In the blazing days of an Ontario heat wave, few minds may be on the commercial dog sledding industry. Who stops to consider what becomes of those energetic dogs in the summer, after pulling tourists and kids in the winter?

Toronto animal activist Jenny McQueen wants us to think about it, so much so that she chained herself to a doghouse at Chocpaw Expedition­s in southern Ontario last weekend to bring attention to the issue. As temperatur­es hit 30 C, McQueen, working with local group End Dog Sled Cruelty and internatio­nal group Direct Action Everywhere, live-streamed every moment: just her, dozens of dogs, a soft-spoken OPP officer unable to help and more than 300 people watching online, including me.

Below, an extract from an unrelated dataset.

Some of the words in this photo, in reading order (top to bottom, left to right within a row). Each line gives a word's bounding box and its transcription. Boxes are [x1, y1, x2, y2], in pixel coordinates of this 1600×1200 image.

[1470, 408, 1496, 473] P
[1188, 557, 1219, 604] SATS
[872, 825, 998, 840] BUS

While controvers­ies remain about the ethics of commercial dog sledding, what may be the industry’s cruelest time of year is the summer, when dogs are chained up outdoors for months with little more than a barrel and a barren field. No matter the storms or the isolation.

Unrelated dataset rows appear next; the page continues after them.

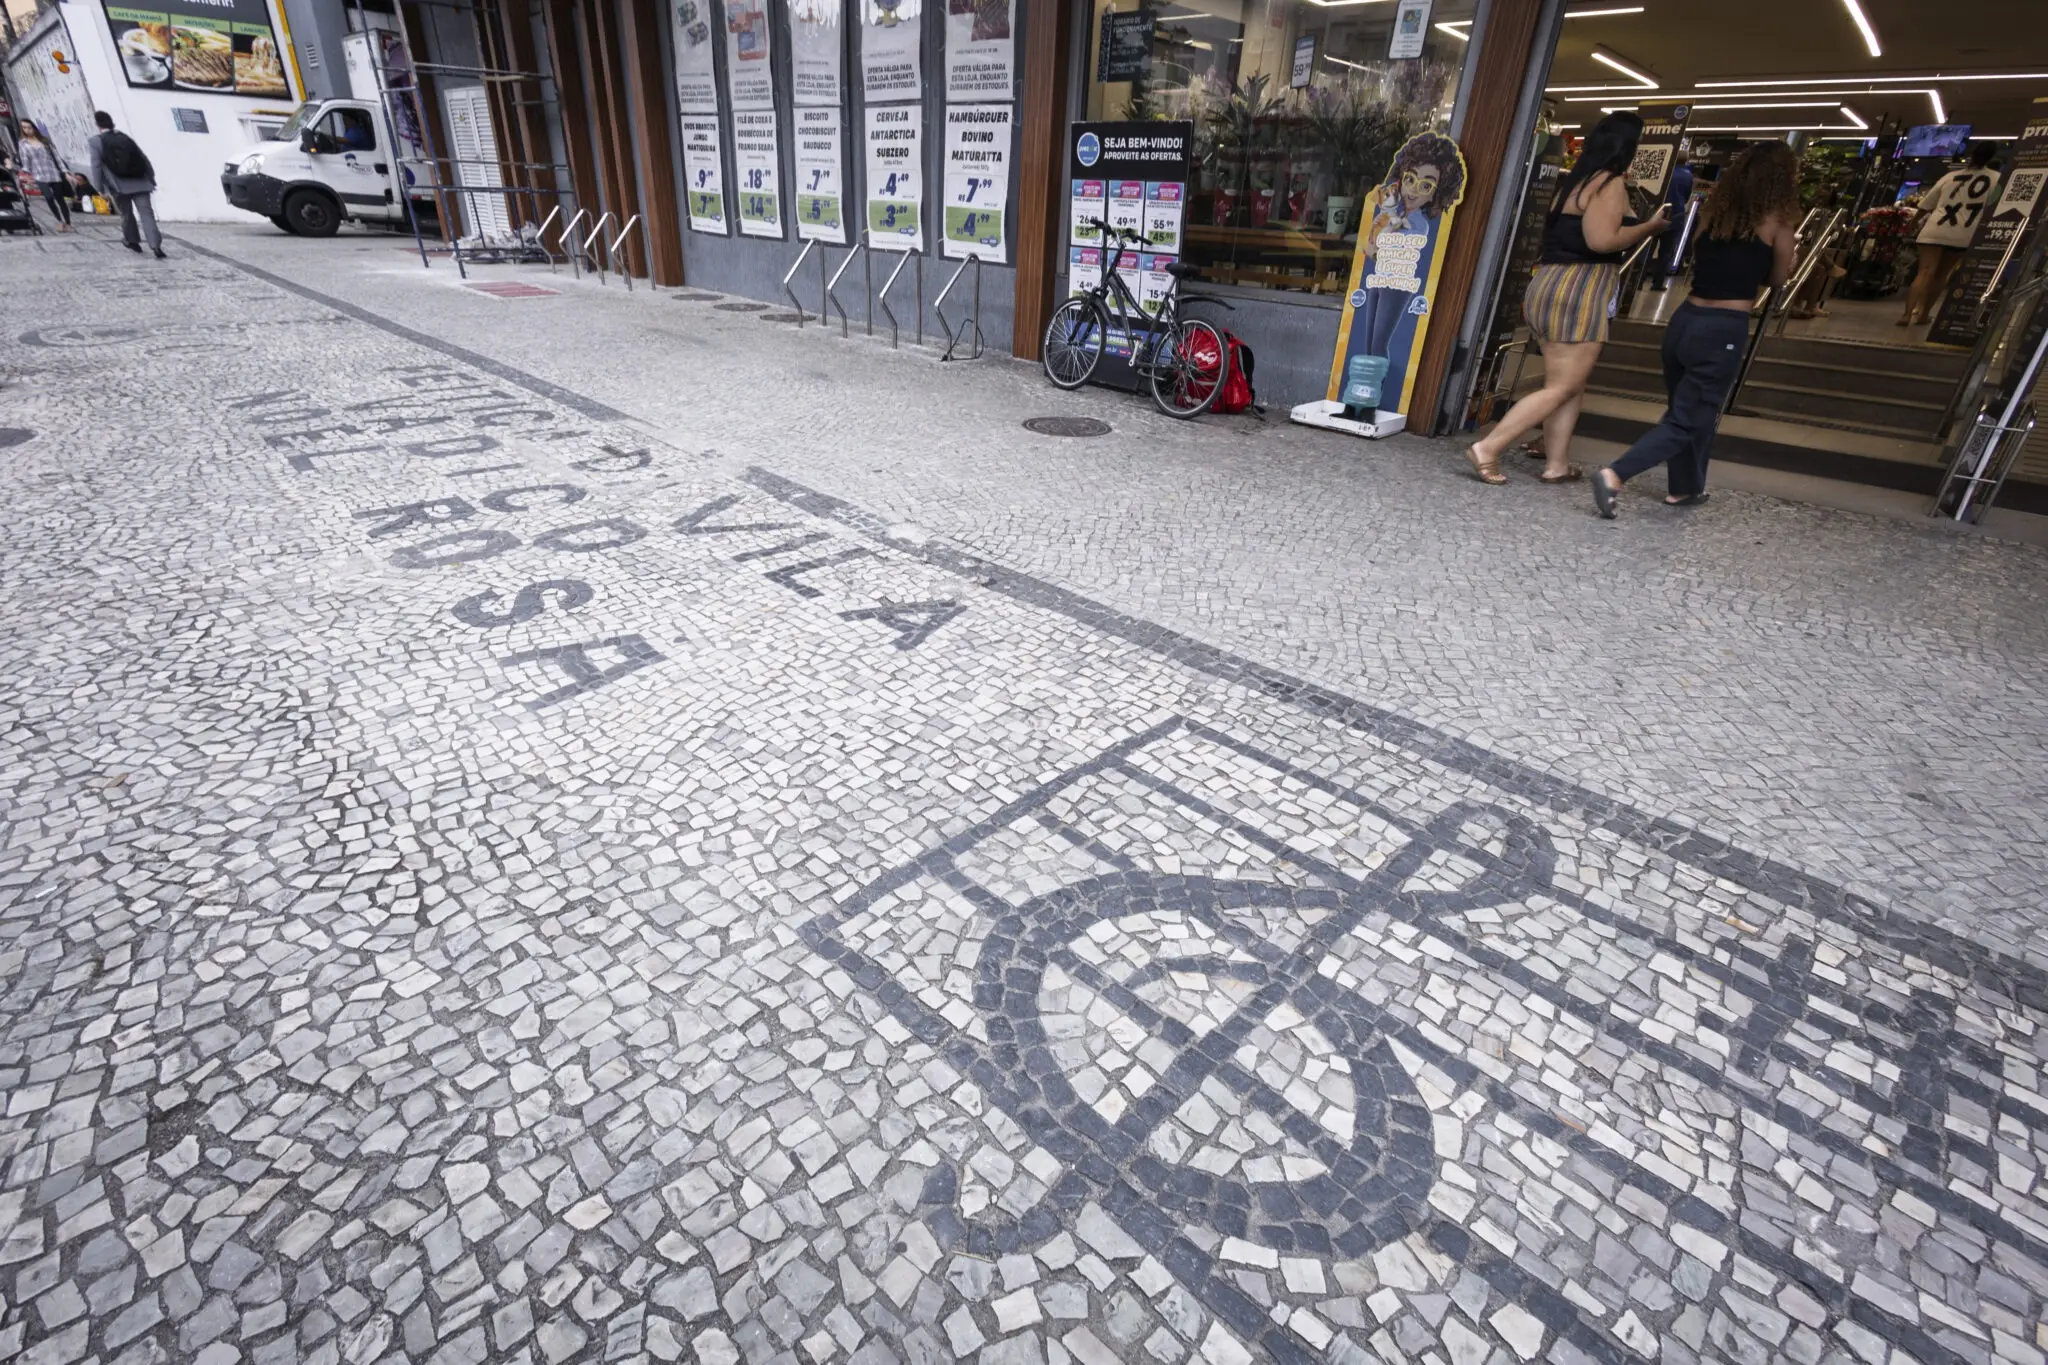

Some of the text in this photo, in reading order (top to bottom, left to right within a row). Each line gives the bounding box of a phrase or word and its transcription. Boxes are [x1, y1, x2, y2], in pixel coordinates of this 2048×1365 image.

[953, 63, 1006, 73] OFERTA VÁLIDA PARA
[980, 72, 1008, 81] ENQUANTO
[804, 112, 828, 121] BISCOITO
[876, 111, 908, 123] CERVEJA
[949, 109, 1008, 123] HAMBÚRGUER
[798, 127, 836, 136] CHOCOBISCUIT
[870, 129, 915, 141] ANTARCTICA
[1642, 124, 1680, 135] rime
[962, 132, 993, 143] BOVINO
[1104, 138, 1183, 148] SEJA BEM-VINDO!
[803, 142, 831, 150] BAUDUCCO
[876, 148, 908, 158] SUBZERO
[952, 151, 1002, 163] MATURATTA
[1104, 152, 1183, 161] APROVEITE AS OFERTAS.
[886, 173, 909, 196] 4,49
[966, 178, 992, 202] 7,99
[964, 212, 990, 237] 4,99
[1154, 220, 1174, 229] 55,99
[1404, 236, 1425, 246] SEU
[1385, 262, 1415, 274] SUPER
[1368, 277, 1418, 292] BEM-VINDO!
[673, 494, 968, 651] VILA
[350, 495, 668, 711] ROSA

There are some laws in Canada limiting unattended dog tethering (one hour maximum in Toronto, four hours in Mississaug­a), and an outright ban in Calgary and some B.C. municipali­ties, but the province of Ontario lacks any such rules. Animals classed as “working dogs” are typically exempt.

According to provincial animal care standards (which the OSPCA no longer enforces, and no one is sure who now does), dogs kept tied up outdoors require only three metres of chain, and “access to adequate and appropriat­e water and shelter.” That’s it. Places like Denmark and Switzerlan­d, on the other hand, require dogs’ social and psychologi­cal needs to be met.

For the dogs on that Ontario property, “adequate, weatherpro­of shelter” meant cut-out plastic barrels and holes the dogs dug in the worn-down ground.

“I was just thinking, as the rain was battering our windows last night at home,” McQueen said, “that the dogs have no protection from the rain, because there is no flap on the barrel, and they can’t go underneath as they usually do when shielding themselves from the sun, because that area would fill up with rain.”

There are no rules in Ontario regarding outside temperatur­es which dogs cannot be left outside, or concerning extreme weather at all. Nor are there any laws against commercial­ly exploiting dogs — considered personal property — for profit and entertainm­ent.

While Canadian animal advocates have long called for a blanket national ban on unattended dog tethering, including for working dogs like sled dogs, a new wave of activists are now working toward a greater goal: ending the unnecessar­y, unethical commercial dog sledding industry for good.

Because while McQueen now faces illegal trespassin­g charges, people who exploit dogs and keep them tied up outside face nothing. And that’s not right.